==== Information given ====
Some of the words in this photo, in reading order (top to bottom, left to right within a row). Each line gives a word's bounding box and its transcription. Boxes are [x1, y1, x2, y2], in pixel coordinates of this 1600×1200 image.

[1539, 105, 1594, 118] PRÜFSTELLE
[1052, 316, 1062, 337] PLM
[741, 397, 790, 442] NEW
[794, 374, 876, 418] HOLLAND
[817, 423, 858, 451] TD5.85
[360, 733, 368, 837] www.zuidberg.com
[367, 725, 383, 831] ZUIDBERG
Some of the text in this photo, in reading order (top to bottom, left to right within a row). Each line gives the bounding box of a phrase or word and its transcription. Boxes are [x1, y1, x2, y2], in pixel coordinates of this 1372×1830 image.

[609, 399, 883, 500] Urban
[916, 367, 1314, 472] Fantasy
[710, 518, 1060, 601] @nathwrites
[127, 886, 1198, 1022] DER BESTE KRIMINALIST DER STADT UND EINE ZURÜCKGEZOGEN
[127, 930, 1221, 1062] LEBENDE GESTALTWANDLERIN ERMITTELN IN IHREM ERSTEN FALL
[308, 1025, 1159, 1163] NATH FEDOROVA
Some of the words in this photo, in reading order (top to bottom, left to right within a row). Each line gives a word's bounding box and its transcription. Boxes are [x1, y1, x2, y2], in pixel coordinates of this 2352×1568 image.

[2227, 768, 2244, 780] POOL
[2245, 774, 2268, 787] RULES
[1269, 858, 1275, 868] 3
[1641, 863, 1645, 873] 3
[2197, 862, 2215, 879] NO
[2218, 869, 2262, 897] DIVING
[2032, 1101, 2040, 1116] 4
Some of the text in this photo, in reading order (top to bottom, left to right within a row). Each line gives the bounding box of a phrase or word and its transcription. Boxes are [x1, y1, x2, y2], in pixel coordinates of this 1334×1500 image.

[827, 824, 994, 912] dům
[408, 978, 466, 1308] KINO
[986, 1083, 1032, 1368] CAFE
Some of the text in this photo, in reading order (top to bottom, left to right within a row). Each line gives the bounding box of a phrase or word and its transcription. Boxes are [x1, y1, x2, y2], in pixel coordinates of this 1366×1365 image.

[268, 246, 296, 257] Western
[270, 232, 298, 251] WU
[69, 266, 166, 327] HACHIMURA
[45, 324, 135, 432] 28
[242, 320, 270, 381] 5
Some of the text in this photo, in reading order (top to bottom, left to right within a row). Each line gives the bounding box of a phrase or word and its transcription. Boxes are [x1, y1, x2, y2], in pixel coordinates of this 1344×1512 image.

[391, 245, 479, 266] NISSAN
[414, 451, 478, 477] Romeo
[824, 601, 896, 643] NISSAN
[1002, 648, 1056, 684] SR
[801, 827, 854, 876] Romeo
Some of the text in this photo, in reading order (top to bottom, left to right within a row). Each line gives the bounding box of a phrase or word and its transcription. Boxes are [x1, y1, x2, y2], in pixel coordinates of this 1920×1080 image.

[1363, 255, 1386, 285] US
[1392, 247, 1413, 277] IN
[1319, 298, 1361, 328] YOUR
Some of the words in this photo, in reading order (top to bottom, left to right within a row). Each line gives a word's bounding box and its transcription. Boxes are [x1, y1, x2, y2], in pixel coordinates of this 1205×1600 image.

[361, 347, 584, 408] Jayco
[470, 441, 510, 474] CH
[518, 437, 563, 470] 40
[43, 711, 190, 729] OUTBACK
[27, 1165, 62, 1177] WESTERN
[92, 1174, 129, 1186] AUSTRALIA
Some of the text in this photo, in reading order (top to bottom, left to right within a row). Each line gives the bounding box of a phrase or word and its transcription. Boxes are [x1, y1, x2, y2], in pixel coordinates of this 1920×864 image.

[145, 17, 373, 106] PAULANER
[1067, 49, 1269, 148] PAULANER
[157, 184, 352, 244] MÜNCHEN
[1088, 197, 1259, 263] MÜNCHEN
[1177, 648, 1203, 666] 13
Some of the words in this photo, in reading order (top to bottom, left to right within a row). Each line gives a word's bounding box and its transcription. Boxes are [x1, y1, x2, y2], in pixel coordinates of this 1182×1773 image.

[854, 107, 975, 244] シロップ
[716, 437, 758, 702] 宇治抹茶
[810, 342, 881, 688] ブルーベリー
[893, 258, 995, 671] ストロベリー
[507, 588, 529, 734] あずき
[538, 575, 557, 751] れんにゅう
====
» What you need to do: Word for word, copy out the entries.

» Expected answer:
Some of the words in this photo, in reading order (top to bottom, left to right within a row). Each line gives a word's bounding box and its transcription. Boxes are [x1, y1, x2, y2], in pixel coordinates of this 1600×1200 image.

[1539, 105, 1594, 118] PRÜFSTELLE
[1052, 316, 1062, 337] PLM
[741, 397, 790, 442] NEW
[794, 374, 876, 418] HOLLAND
[817, 423, 858, 451] TD5.85
[360, 733, 368, 837] www.zuidberg.com
[367, 725, 383, 831] ZUIDBERG
Some of the text in this photo, in reading order (top to bottom, left to right within a row). Each line gives the bounding box of a phrase or word and its transcription. Boxes are [x1, y1, x2, y2], in pixel coordinates of this 1372×1830 image.

[609, 399, 883, 500] Urban
[916, 367, 1314, 472] Fantasy
[710, 518, 1060, 601] @nathwrites
[127, 886, 1198, 1022] DER BESTE KRIMINALIST DER STADT UND EINE ZURÜCKGEZOGEN
[127, 930, 1221, 1062] LEBENDE GESTALTWANDLERIN ERMITTELN IN IHREM ERSTEN FALL
[308, 1025, 1159, 1163] NATH FEDOROVA
Some of the words in this photo, in reading order (top to bottom, left to right within a row). Each line gives a word's bounding box and its transcription. Boxes are [x1, y1, x2, y2], in pixel coordinates of this 2352×1568 image.

[2227, 768, 2244, 780] POOL
[2245, 774, 2268, 787] RULES
[1269, 858, 1275, 868] 3
[1641, 863, 1645, 873] 3
[2197, 862, 2215, 879] NO
[2218, 869, 2262, 897] DIVING
[2032, 1101, 2040, 1116] 4
Some of the text in this photo, in reading order (top to bottom, left to right within a row). Each line gives the bounding box of a phrase or word and its transcription. Boxes are [x1, y1, x2, y2], in pixel coordinates of this 1334×1500 image.

[827, 824, 994, 912] dům
[408, 978, 466, 1308] KINO
[986, 1083, 1032, 1368] CAFE
Some of the text in this photo, in reading order (top to bottom, left to right within a row). Each line gives the bounding box of a phrase or word and its transcription. Boxes are [x1, y1, x2, y2], in pixel coordinates of this 1366×1365 image.

[268, 246, 296, 257] Western
[270, 232, 298, 251] WU
[69, 266, 166, 327] HACHIMURA
[45, 324, 135, 432] 28
[242, 320, 270, 381] 5
Some of the text in this photo, in reading order (top to bottom, left to right within a row). Each line gives the bounding box of a phrase or word and its transcription. Boxes are [x1, y1, x2, y2], in pixel coordinates of this 1344×1512 image.

[391, 245, 479, 266] NISSAN
[414, 451, 478, 477] Romeo
[824, 601, 896, 643] NISSAN
[1002, 648, 1056, 684] SR
[801, 827, 854, 876] Romeo
Some of the text in this photo, in reading order (top to bottom, left to right within a row). Each line gives the bounding box of a phrase or word and its transcription. Boxes are [x1, y1, x2, y2], in pixel coordinates of this 1920×1080 image.

[1363, 255, 1386, 285] US
[1392, 247, 1413, 277] IN
[1319, 298, 1361, 328] YOUR
Some of the words in this photo, in reading order (top to bottom, left to right within a row). Each line gives a word's bounding box and its transcription. Boxes are [x1, y1, x2, y2], in pixel coordinates of this 1205×1600 image.

[361, 347, 584, 408] Jayco
[470, 441, 510, 474] CH
[518, 437, 563, 470] 40
[43, 711, 190, 729] OUTBACK
[27, 1165, 62, 1177] WESTERN
[92, 1174, 129, 1186] AUSTRALIA
Some of the text in this photo, in reading order (top to bottom, left to right within a row). Each line gives the bounding box of a phrase or word and its transcription. Boxes are [x1, y1, x2, y2], in pixel coordinates of this 1920×864 image.

[145, 17, 373, 106] PAULANER
[1067, 49, 1269, 148] PAULANER
[157, 184, 352, 244] MÜNCHEN
[1088, 197, 1259, 263] MÜNCHEN
[1177, 648, 1203, 666] 13
Some of the words in this photo, in reading order (top to bottom, left to right within a row). Each line gives a word's bounding box and its transcription. Boxes are [x1, y1, x2, y2], in pixel coordinates of this 1182×1773 image.

[854, 107, 975, 244] シロップ
[716, 437, 758, 702] 宇治抹茶
[810, 342, 881, 688] ブルーベリー
[893, 258, 995, 671] ストロベリー
[507, 588, 529, 734] あずき
[538, 575, 557, 751] れんにゅう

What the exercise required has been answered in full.